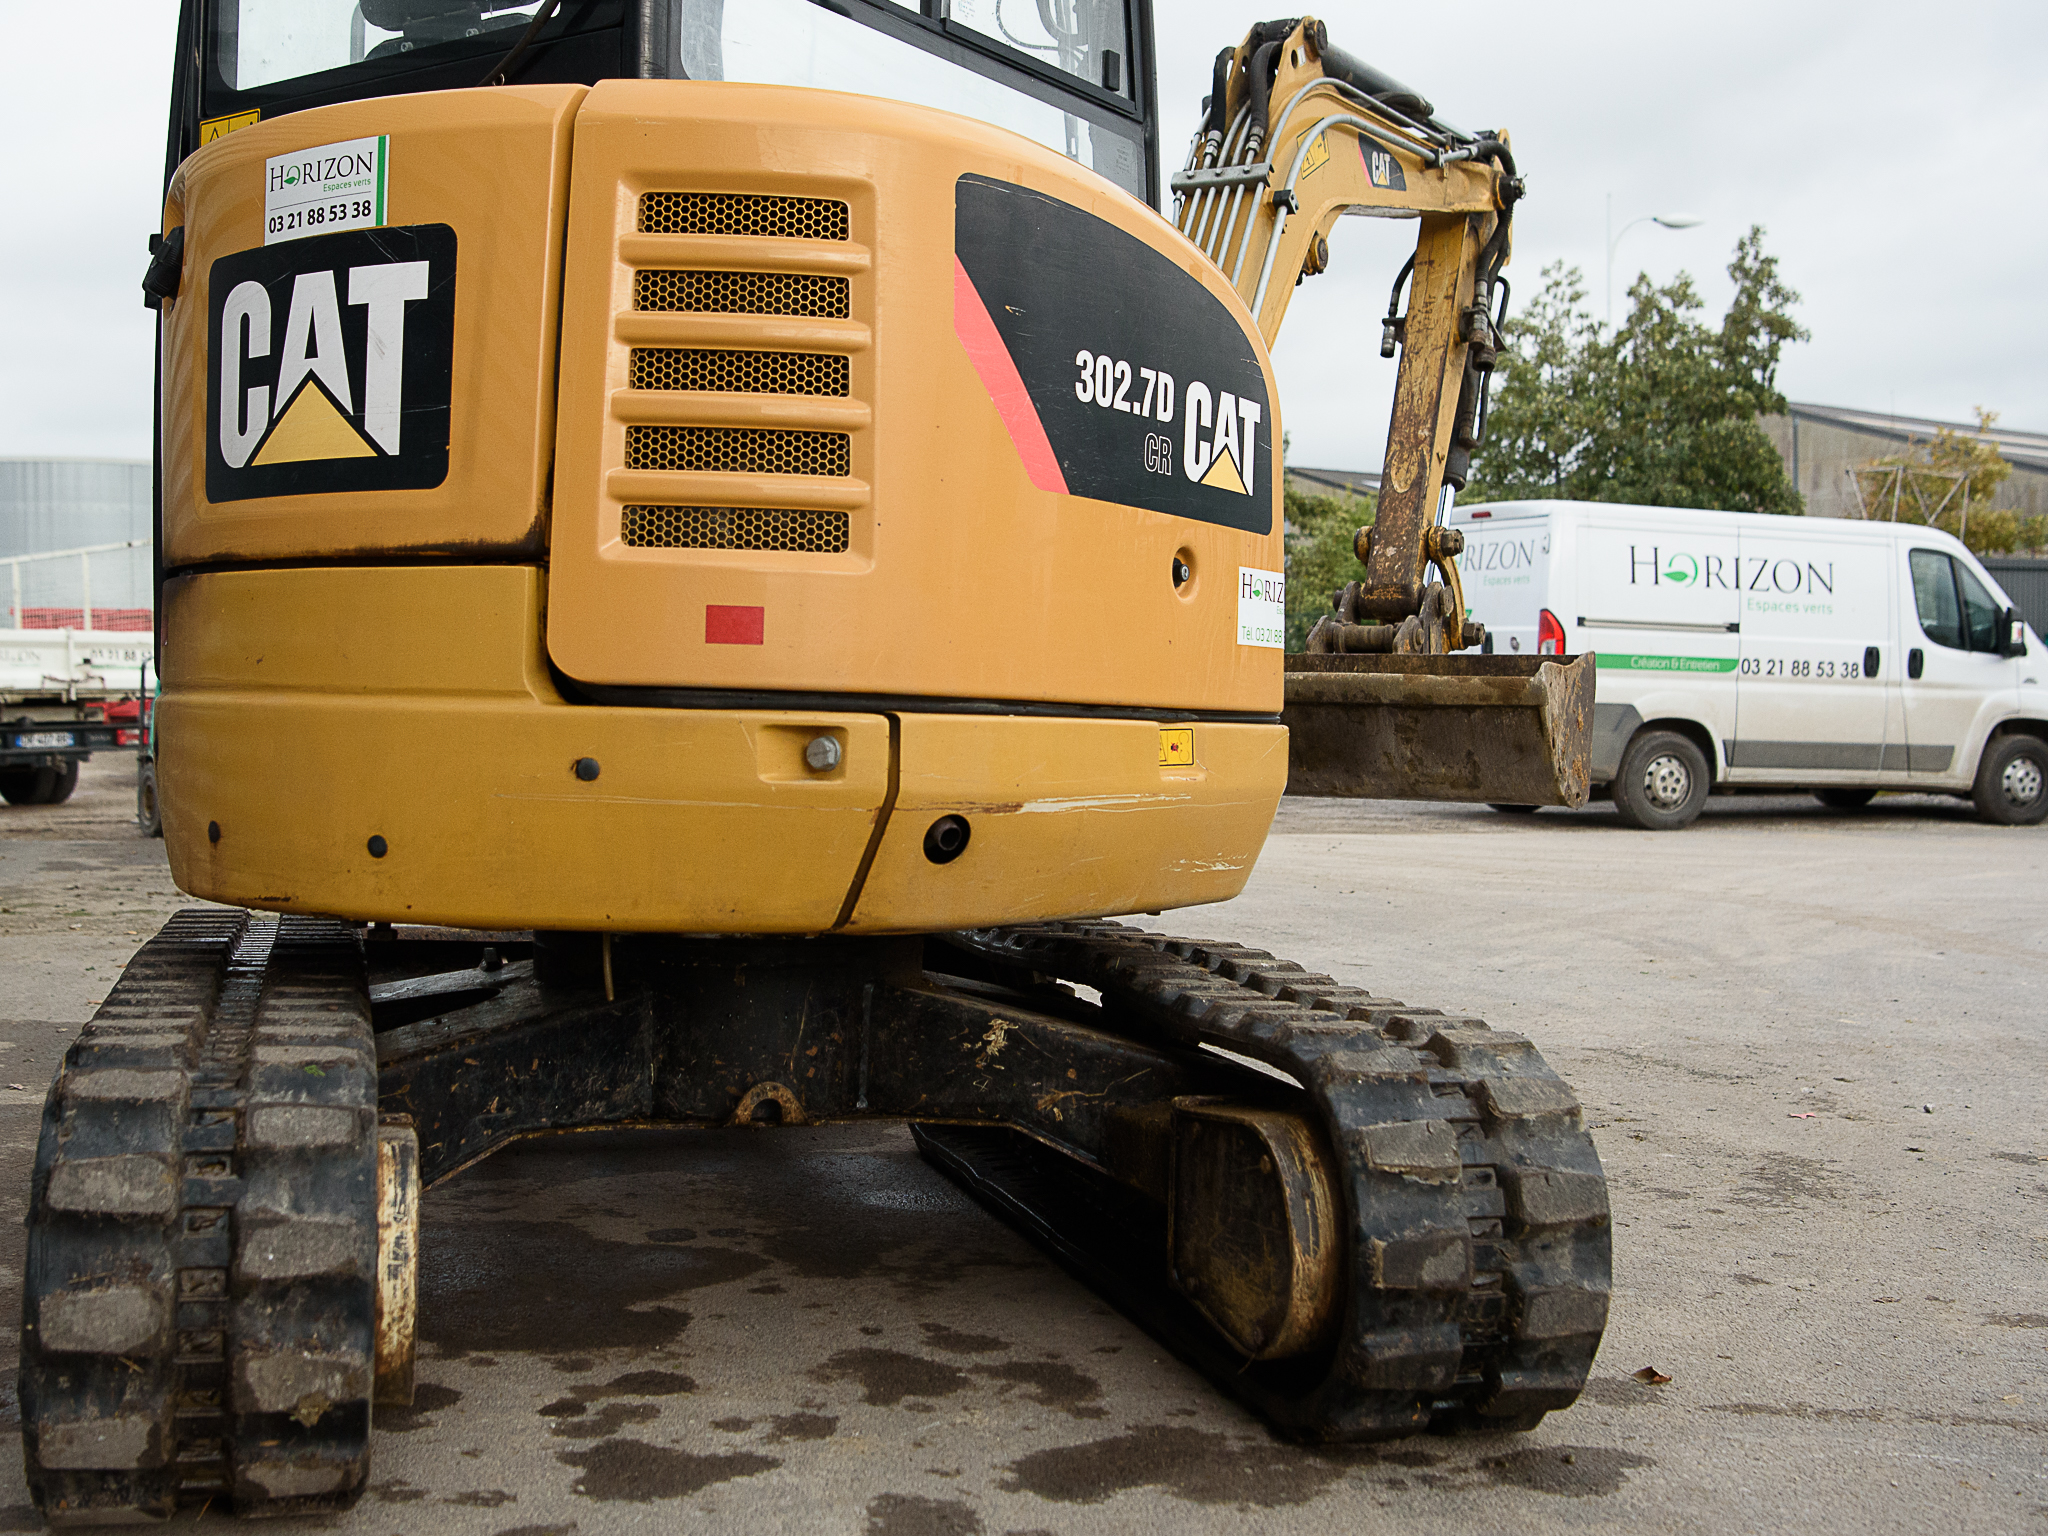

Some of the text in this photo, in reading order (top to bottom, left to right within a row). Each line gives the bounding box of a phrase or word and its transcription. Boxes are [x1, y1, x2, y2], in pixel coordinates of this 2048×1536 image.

[270, 152, 373, 192] HORIZON
[323, 178, 371, 192] Espaces verts
[1372, 151, 1390, 186] CAT
[269, 200, 371, 234] 03 21 88 53 38
[220, 260, 429, 469] CAT
[1075, 350, 1175, 423] 302.7D
[1145, 433, 1172, 475] CR
[1184, 381, 1261, 496] CAT
[1629, 546, 1833, 595] HORIZON
[1747, 598, 1833, 615] Espaces verts
[1256, 627, 1265, 641] 03
[1266, 628, 1273, 642] 21
[1274, 629, 1282, 643] 88
[1741, 658, 1859, 679] 03 21 88 53 38
• • • • • • •
- **About this exercise**
Repeat the data word for word. Images are not part of the copy.

- **Reply**
Some of the text in this photo, in reading order (top to bottom, left to right within a row). Each line gives the bounding box of a phrase or word and its transcription. Boxes are [x1, y1, x2, y2], in pixel coordinates of this 2048×1536 image.

[270, 152, 373, 192] HORIZON
[323, 178, 371, 192] Espaces verts
[1372, 151, 1390, 186] CAT
[269, 200, 371, 234] 03 21 88 53 38
[220, 260, 429, 469] CAT
[1075, 350, 1175, 423] 302.7D
[1145, 433, 1172, 475] CR
[1184, 381, 1261, 496] CAT
[1629, 546, 1833, 595] HORIZON
[1747, 598, 1833, 615] Espaces verts
[1256, 627, 1265, 641] 03
[1266, 628, 1273, 642] 21
[1274, 629, 1282, 643] 88
[1741, 658, 1859, 679] 03 21 88 53 38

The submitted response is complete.